Hi,
this is a refactor that moves the setting of slp_perm, checking of basic-block
SLP gaps, as well as the final check for perm_ok into get_load_store_type.
Also, slp_perm is moved to ls_data.
In order to help legibility, the patch introduces an enum
vect_gather_scatter_subtype that specifies the gather/scatter
"sub-type" like strided, or grouped_strided.

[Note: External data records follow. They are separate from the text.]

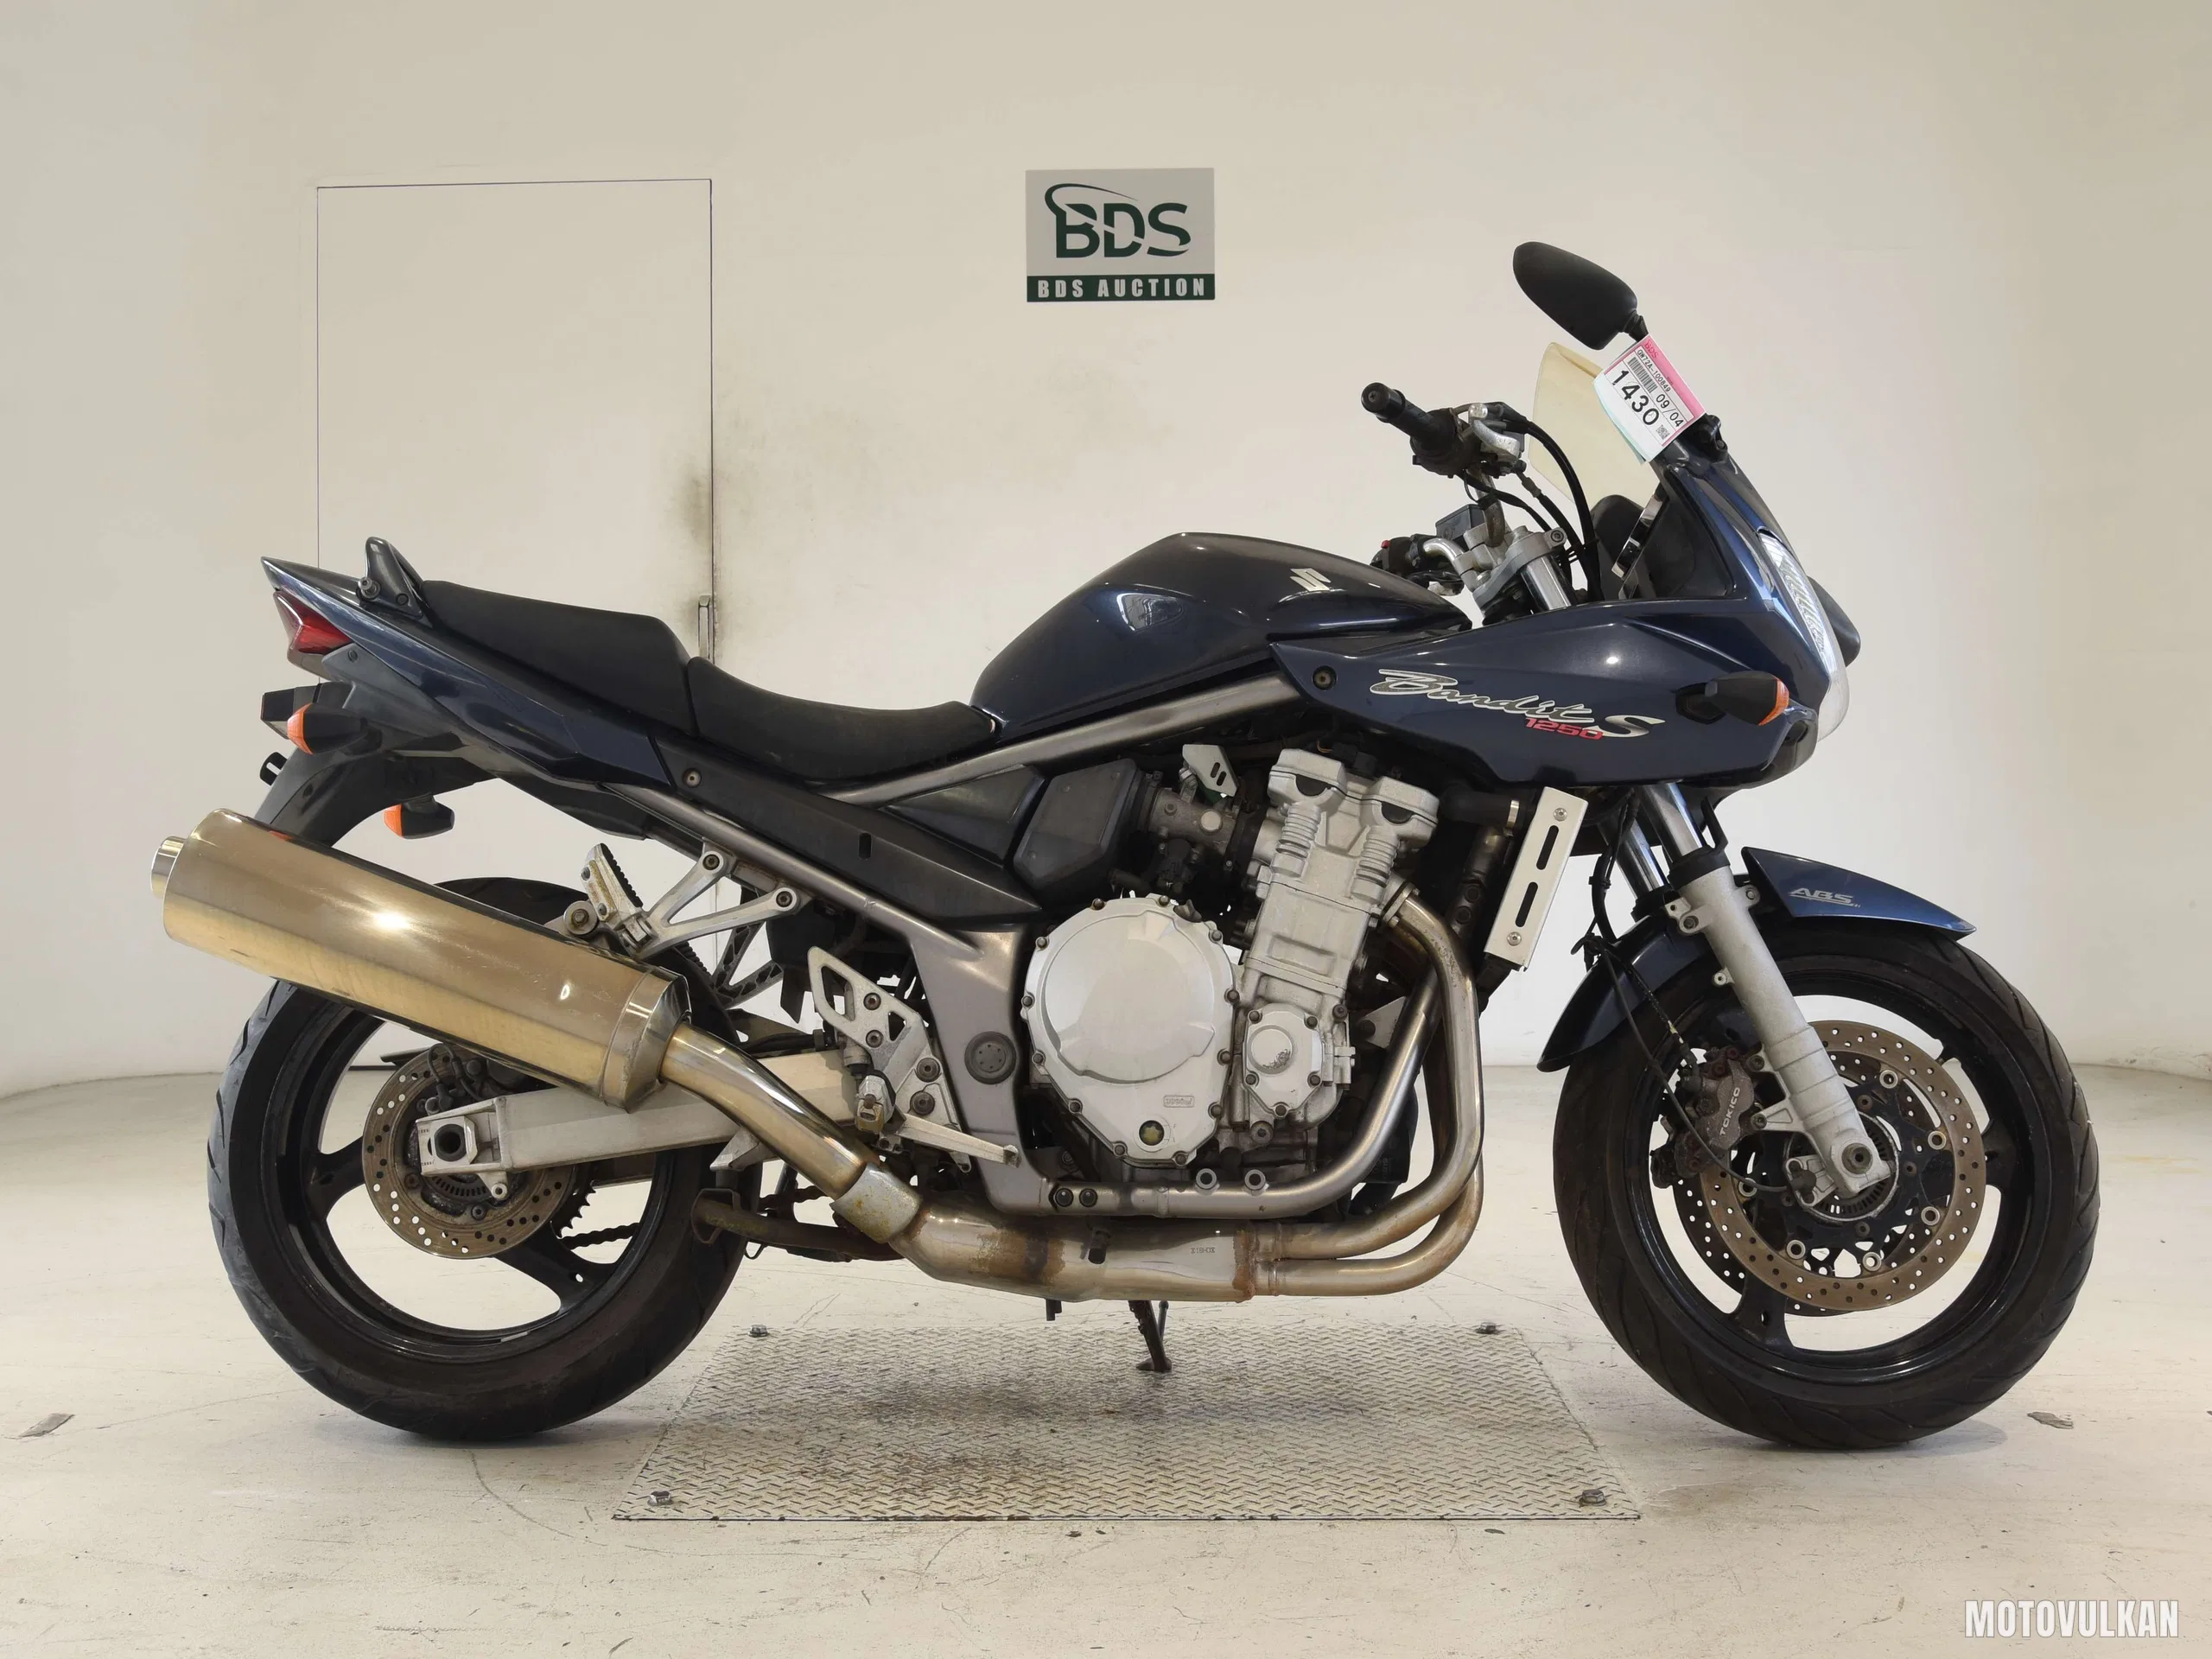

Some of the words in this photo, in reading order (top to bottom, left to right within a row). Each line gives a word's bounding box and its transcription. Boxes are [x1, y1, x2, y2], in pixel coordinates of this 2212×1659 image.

[1045, 183, 1192, 258] BDS
[1038, 278, 1084, 298] BDS
[1097, 277, 1205, 298] AUCTION
[1612, 370, 1660, 426] 1430
[1656, 393, 1684, 428] 09/04
[1370, 668, 1596, 723] Bandit
[1583, 715, 1666, 738] S
[1524, 718, 1604, 741] 1250
[1789, 887, 1854, 905] ABS
[1719, 1087, 1741, 1136] TOKICO

It's only used in one place for
now, though.
Bootstrapped and regtested on x86 and power10. Regtested on aarch64 and
rv64gcv_zvl512b.
Regards
Robin
gcc/ChangeLog:
* tree-vect-stmts.cc (get_load_store_type): Add load-permutation
checks and setting of slp_perm.
(vectorizable_store): Remove perm_ok argument.
(vectorizable_load): Ditto and replace slp_perm by ls.slp_perm.
* tree-vectorizer.h (enum vect_gather_scatter_subtype): New.
(struct vect_load_store_data): Add slp_perm.
---
gcc/tree-vect-stmts.cc | 181 ++++++++++++++++++++++-------------------
gcc/tree-vectorizer.h | 9 ++
2 files changed, 105 insertions(+), 85 deletions(-)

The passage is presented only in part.